Comment: How did this adapt? Growing at the edges of the saline desert and gradually moving in makes sense. Salt attracts water which means extruding it to leaf surface is an obvious purposeful move. Could enough mutations have occurred to allow this happen? That is the issue only a study of mutation rates can answer. It is adaptation or God's design?

New Extremophiles: bacteria living on phosphorus.

by David Turell @, Sunday, November 12, 2023, 18:03 (165 days ago) @ David Turell

May be a very ancient species:

https://www.sciencedaily.com/releases/2023/11/231110112455.htm

"'This bacterium subsists on phosphite oxidation, and as far as we know, exclusively on this reaction. It covers its energy metabolism this way, and can build up its cell substance from CO2 at the same time," explains Schink. "This bacterium is an autotrophic organism, like a plant. It does, however, not need light like a plant, as it draws its energy from phosphite oxidation." Surprisingly, it turned out that the bacterium is not only a new species, but actually forms an entirely new genus of bacteria.

***

"They produced a pure culture of this new bacterial strain, in which they were finally able to identify the key enzyme that triggers the oxidation of phosphite to phosphate.

"'The breakthrough came with Nicolai Müller and his enzyme experiments," says David Schleheck. Nicolai Müller succeeded in clearly demonstrating the enzyme's activity, thereby uncovering the biochemical mechanism behind the key enzyme. Olga Mayans and Jennifer Fleming created a three-dimensional model of its enzyme structure and active centre to understand the reaction pathway.

"'What was very surprising was that during its oxidation, phosphite is apparently coupled directly to the energy-carrier precursor AMP, whereby the energy carrier ADP is created. In a subsequent reaction, two of the generated ADPs are converted to one ATP, on which the organism ultimately lives," Nicolai Müller outlines the reaction pathway.

***

"...the research team thinks that this type of metabolism is by no means new, but very old, even ancient: around 2.5 billion years old.

"'It is assumed that in the early days of evolution, when the Earth was cooling down, phosphorus was still present to a large extent in a partially reduced form and was only later gradually oxidized. The metabolism we have now discovered fits very well into the early phase of the evolution of microorganisms," Bernhard Schink explains.

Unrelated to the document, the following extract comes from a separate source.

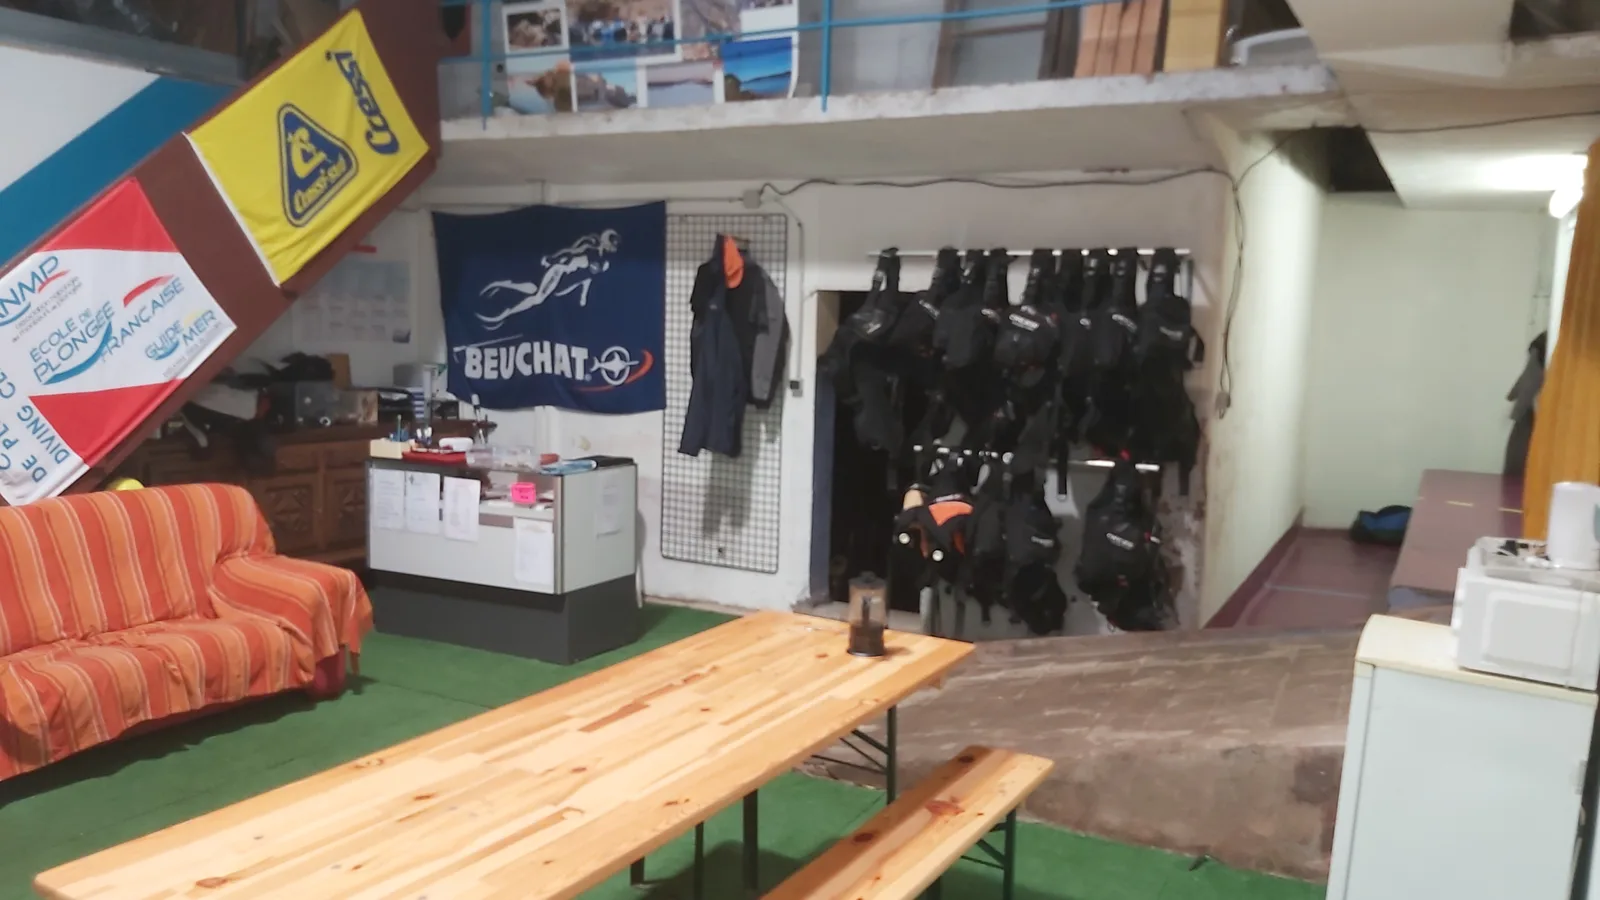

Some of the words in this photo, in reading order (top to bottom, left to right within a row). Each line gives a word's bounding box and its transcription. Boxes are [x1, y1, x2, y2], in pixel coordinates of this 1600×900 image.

"The biochemical mechanism that the bacterium uses for its metabolism is therefore not new, but has most probably been preserved from the primeval times of our planet: back when life on our planet began and the first microorganisms had to feed on inorganic compounds such as phosphite. Thus the new scientific findings provide clues to the early biochemical evolution on our planet. In addition, they provide the key to a biochemical mechanism that makes life possible in very hostile places, possibly even on alien planets."

Comment: another example of how life can use many avenues for energy production.